Range to copy from the entries below: the line containing "this 1600×900 image." through the line containing "Some of the text", inclusive. Retype only those lines, exactly, without any images.
EXTRACTED MATERIAL: Begin
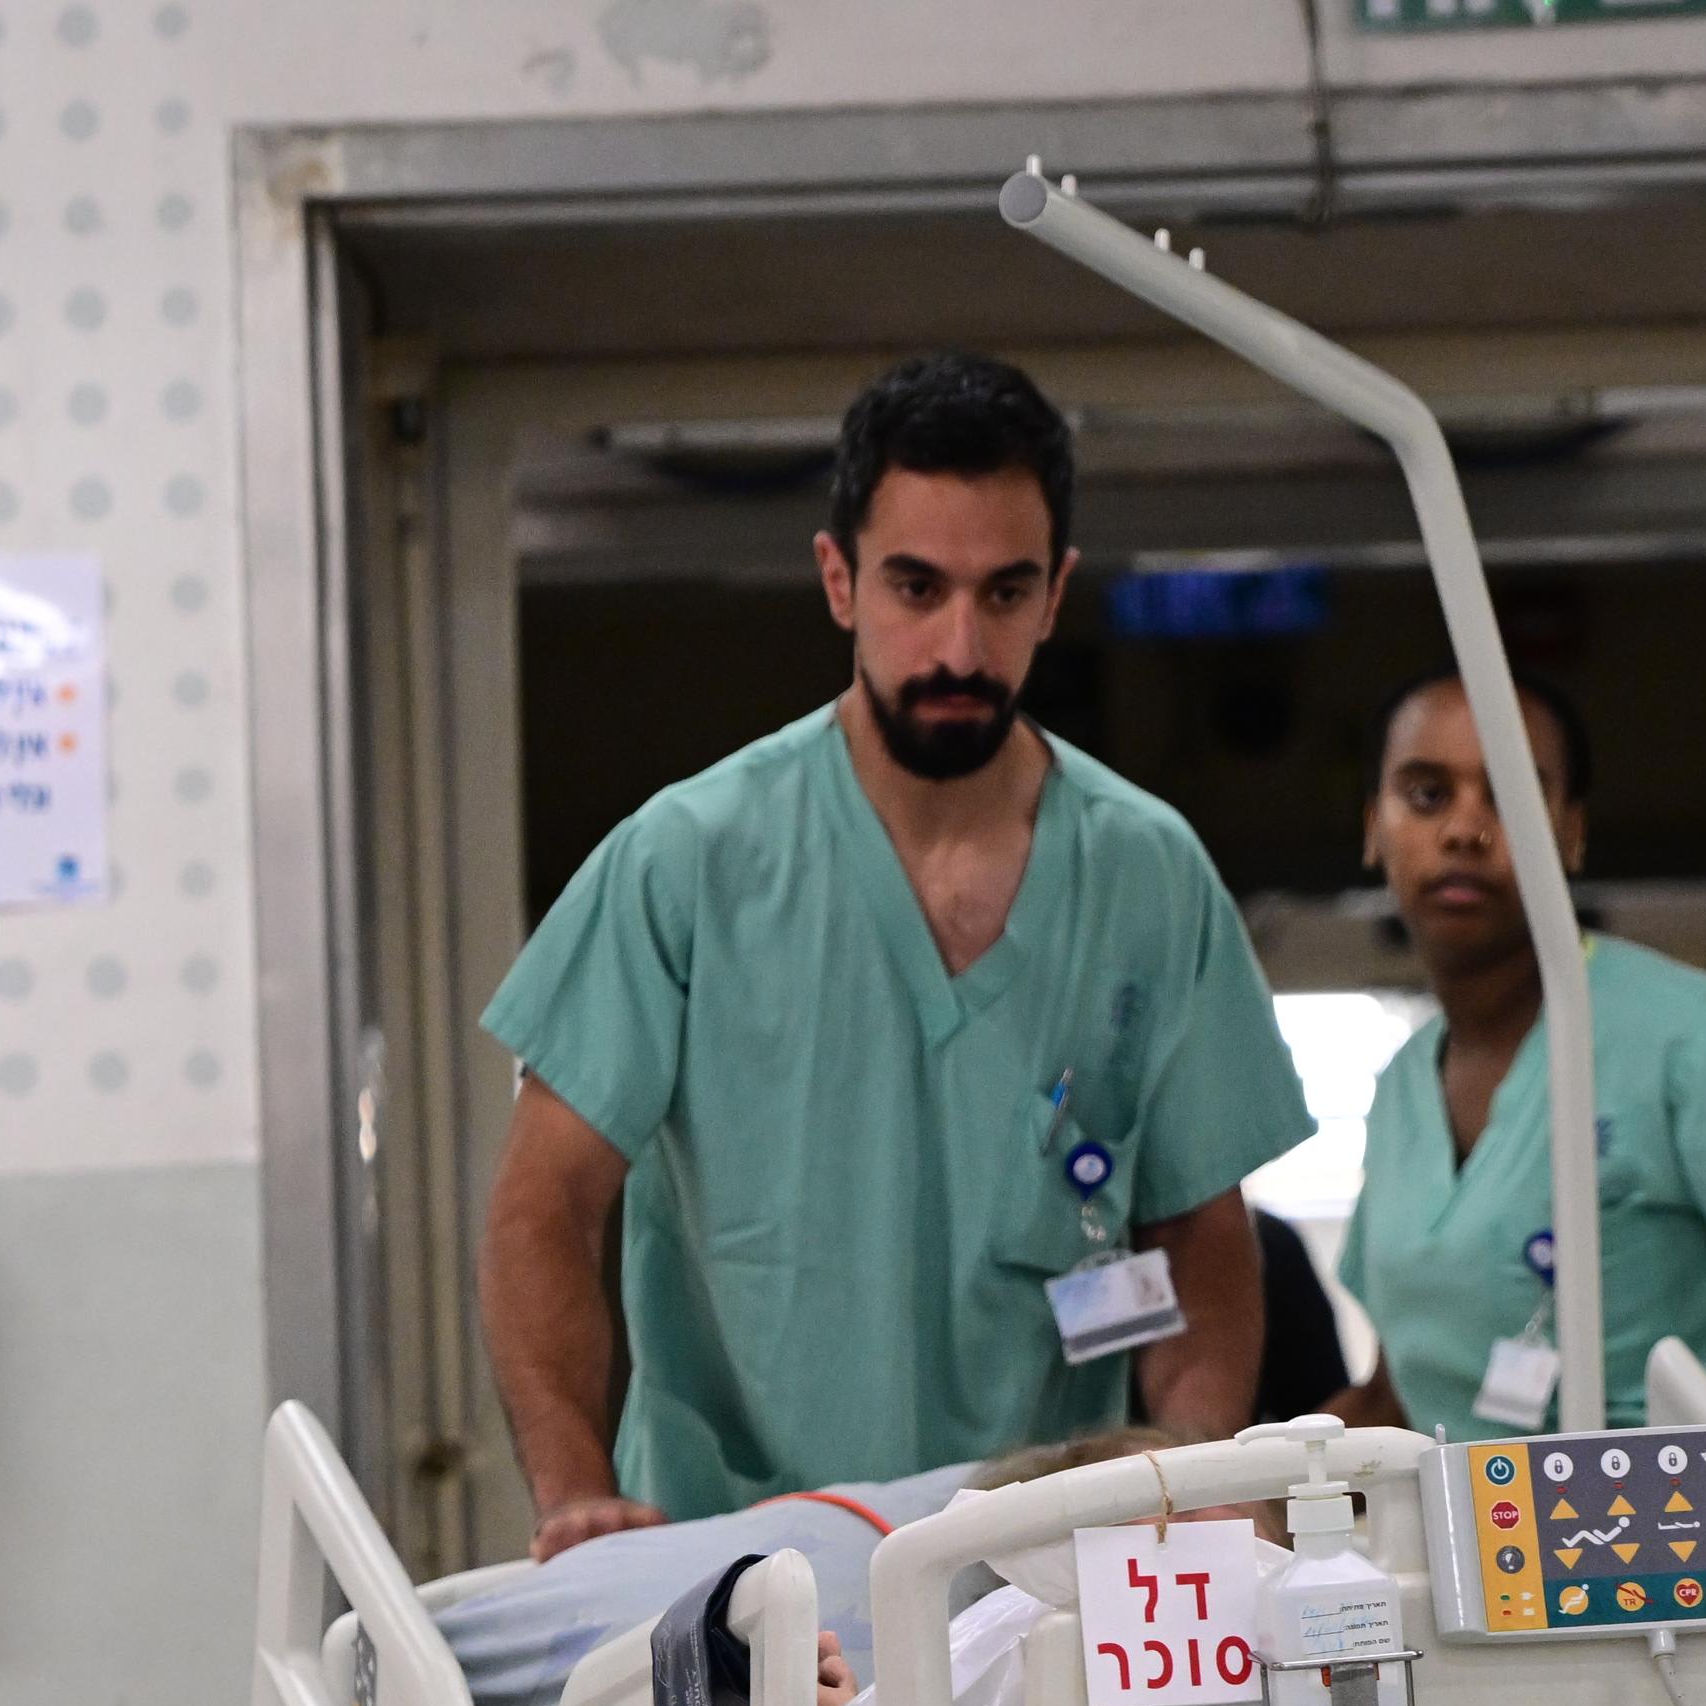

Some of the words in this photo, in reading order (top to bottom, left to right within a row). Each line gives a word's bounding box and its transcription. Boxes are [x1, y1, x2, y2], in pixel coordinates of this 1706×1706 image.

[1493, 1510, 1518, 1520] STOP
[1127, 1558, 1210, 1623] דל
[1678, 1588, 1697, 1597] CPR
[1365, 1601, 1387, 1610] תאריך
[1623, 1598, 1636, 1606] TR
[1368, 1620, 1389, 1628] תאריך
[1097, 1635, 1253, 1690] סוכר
EXTRACTED MATERIAL: End
EXTRACTED MATERIAL: Begin
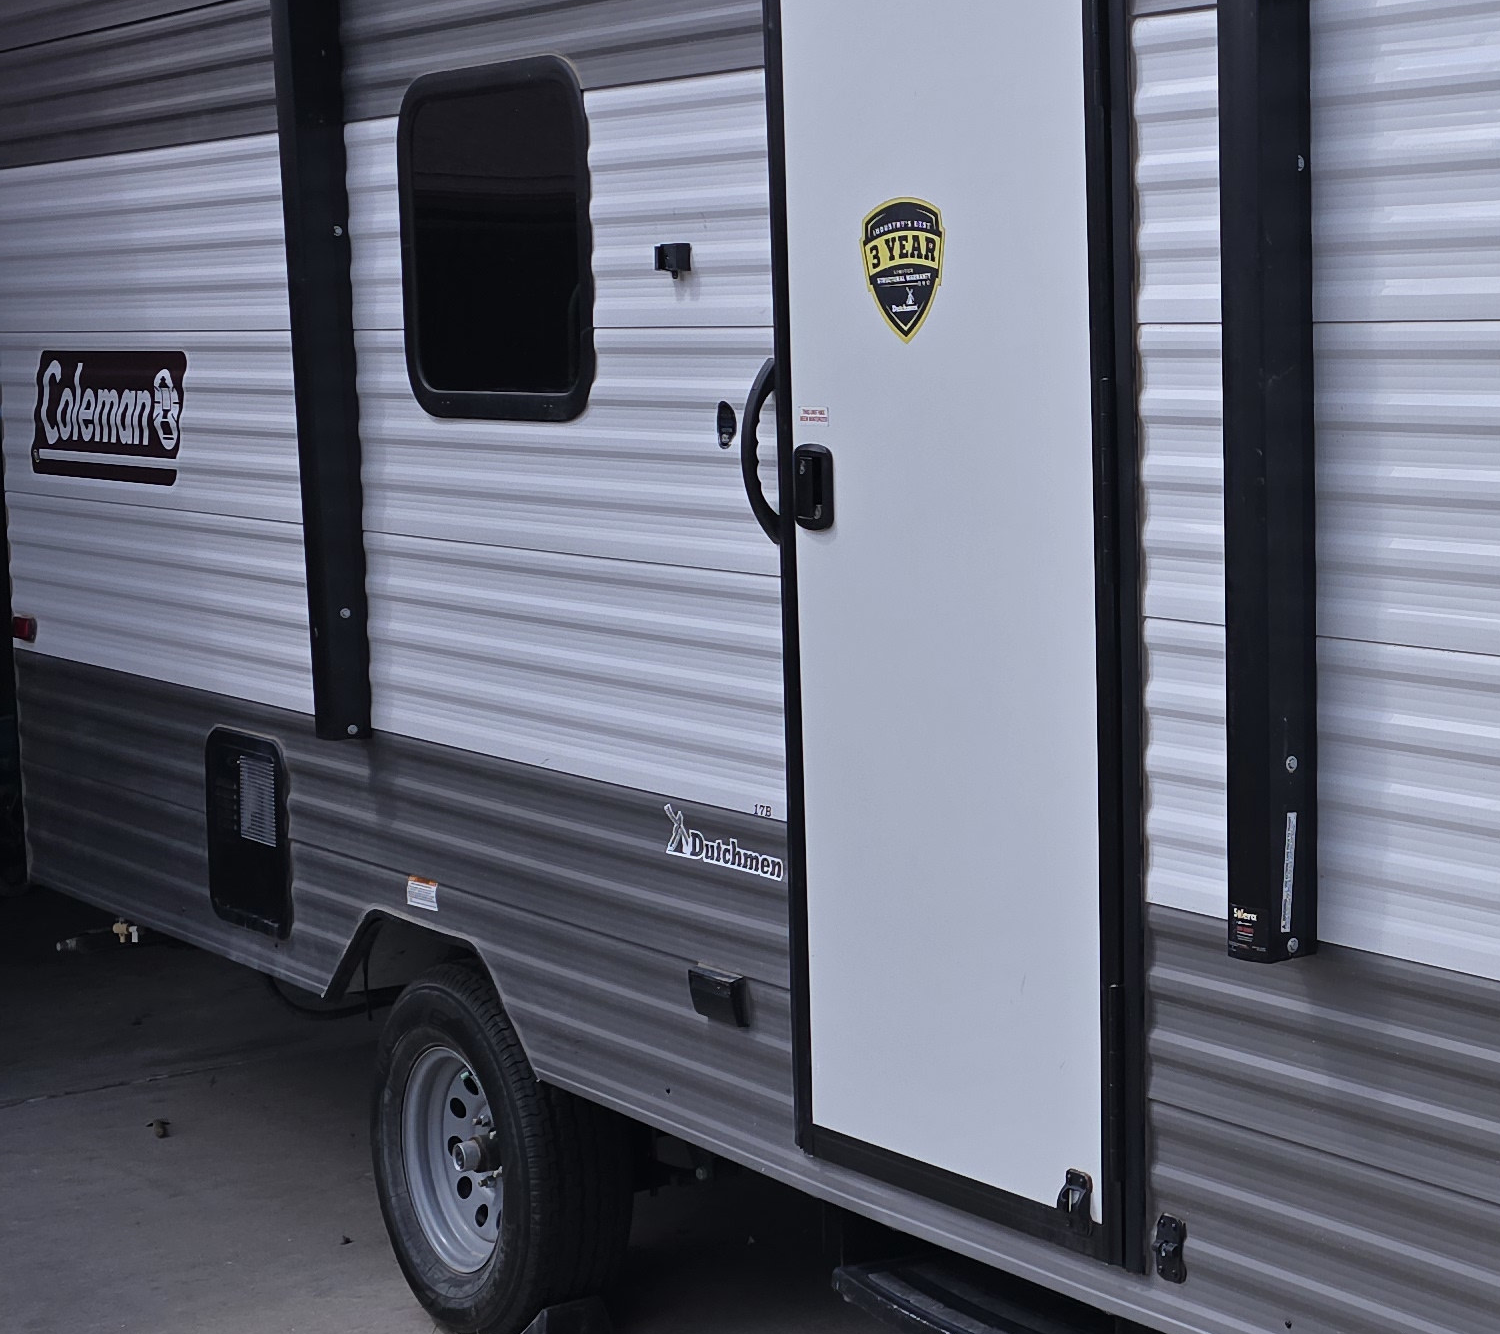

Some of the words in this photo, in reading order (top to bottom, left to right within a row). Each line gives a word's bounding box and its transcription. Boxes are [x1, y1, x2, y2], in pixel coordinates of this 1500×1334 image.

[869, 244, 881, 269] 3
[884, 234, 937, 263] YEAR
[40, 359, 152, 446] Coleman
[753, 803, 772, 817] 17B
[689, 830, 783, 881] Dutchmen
EXTRACTED MATERIAL: End
EXTRACTED MATERIAL: Begin
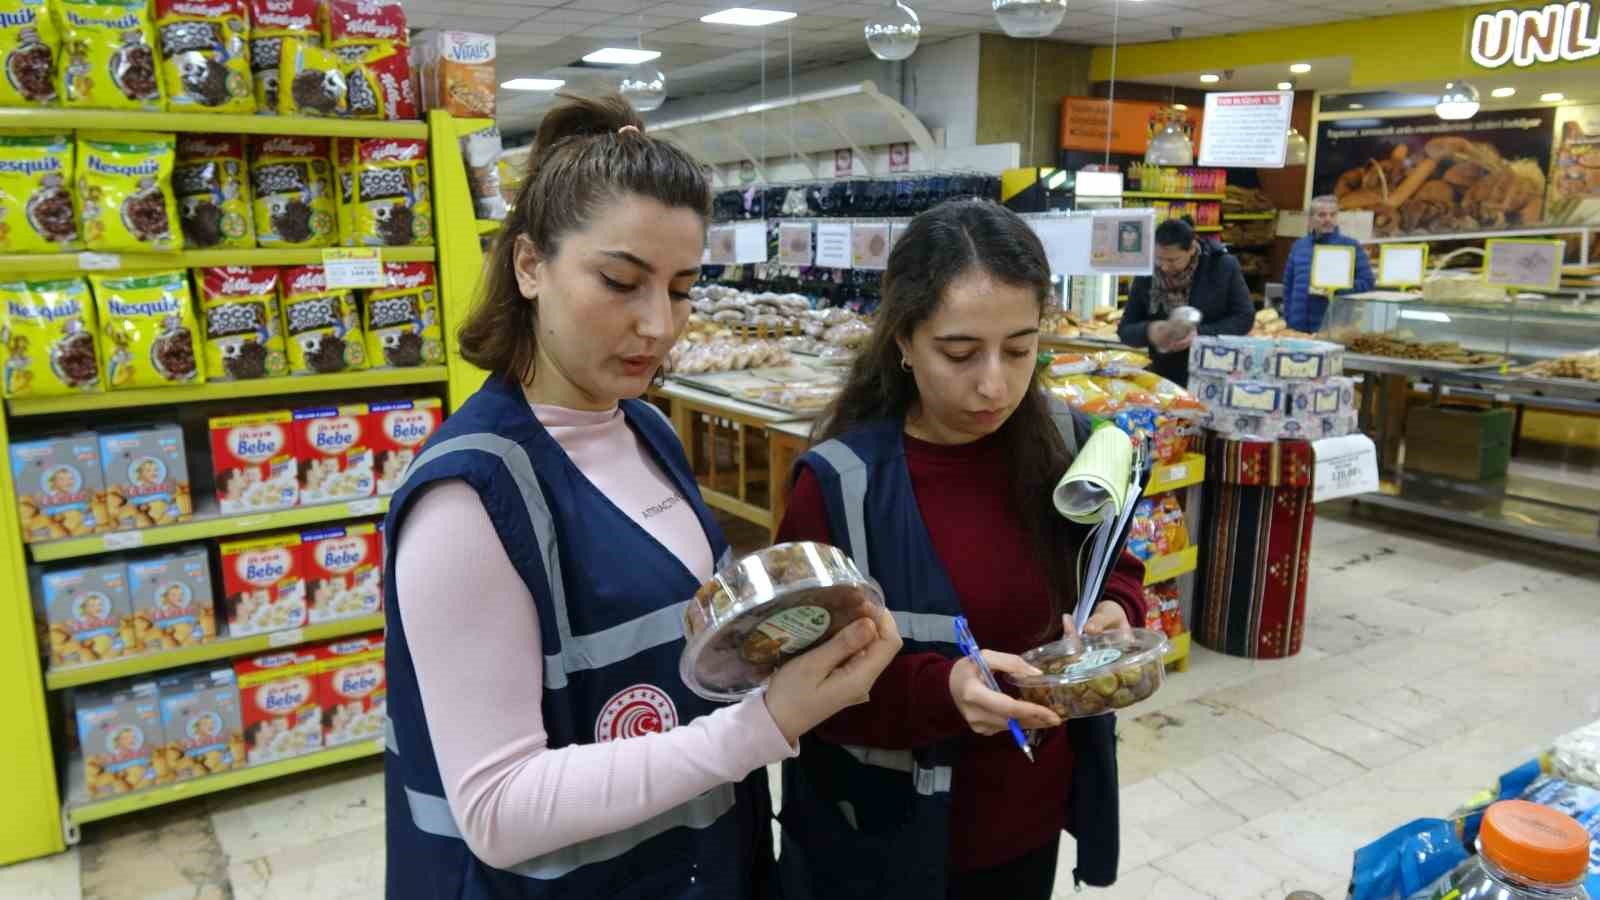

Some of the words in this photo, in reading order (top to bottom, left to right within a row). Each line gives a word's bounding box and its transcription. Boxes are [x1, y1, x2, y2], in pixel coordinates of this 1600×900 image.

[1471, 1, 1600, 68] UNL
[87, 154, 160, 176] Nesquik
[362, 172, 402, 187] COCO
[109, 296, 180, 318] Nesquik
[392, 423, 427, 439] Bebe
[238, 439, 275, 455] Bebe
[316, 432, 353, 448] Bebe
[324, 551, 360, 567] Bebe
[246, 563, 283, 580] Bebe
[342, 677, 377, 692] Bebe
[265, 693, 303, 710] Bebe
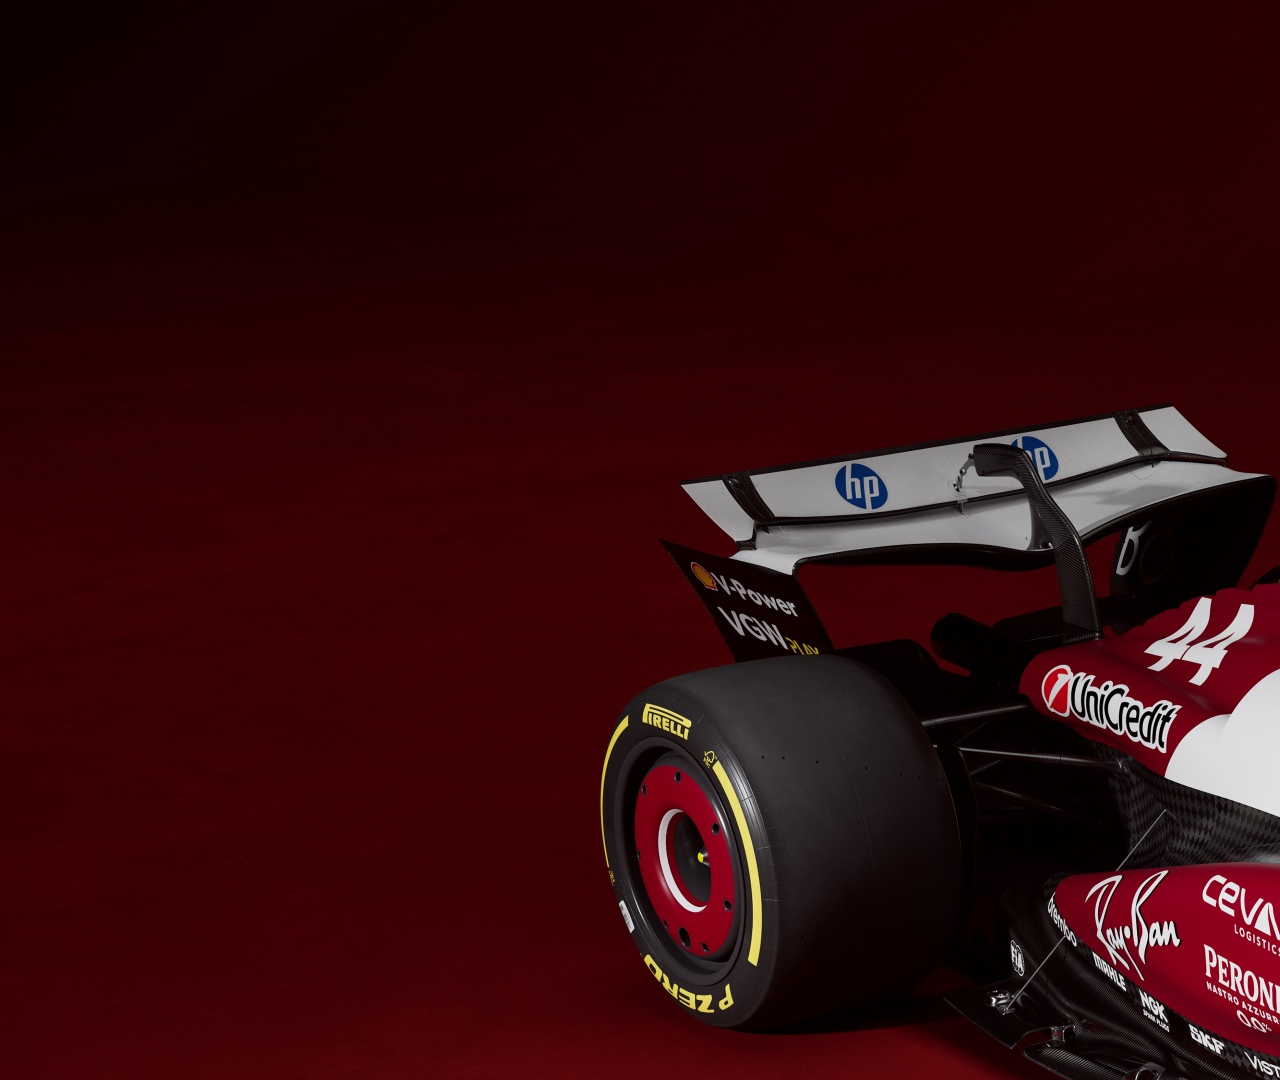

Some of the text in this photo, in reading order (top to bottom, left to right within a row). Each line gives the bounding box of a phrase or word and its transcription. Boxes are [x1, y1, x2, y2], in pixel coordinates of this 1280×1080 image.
EXTRACTED MATERIAL: End
THE ANSWER:
Some of the words in this photo, in reading order (top to bottom, left to right within a row). Each line gives a word's bounding box and its transcription. Boxes are [x1, y1, x2, y2], in pixel coordinates of this 1600×900 image.

[1471, 1, 1600, 68] UNL
[87, 154, 160, 176] Nesquik
[362, 172, 402, 187] COCO
[109, 296, 180, 318] Nesquik
[392, 423, 427, 439] Bebe
[238, 439, 275, 455] Bebe
[316, 432, 353, 448] Bebe
[324, 551, 360, 567] Bebe
[246, 563, 283, 580] Bebe
[342, 677, 377, 692] Bebe
[265, 693, 303, 710] Bebe

Some of the text in this photo, in reading order (top to bottom, left to right within a row). Each line gives the bounding box of a phrase or word and its transcription. Boxes are [x1, y1, x2, y2], in pixel coordinates of this 1280×1080 image.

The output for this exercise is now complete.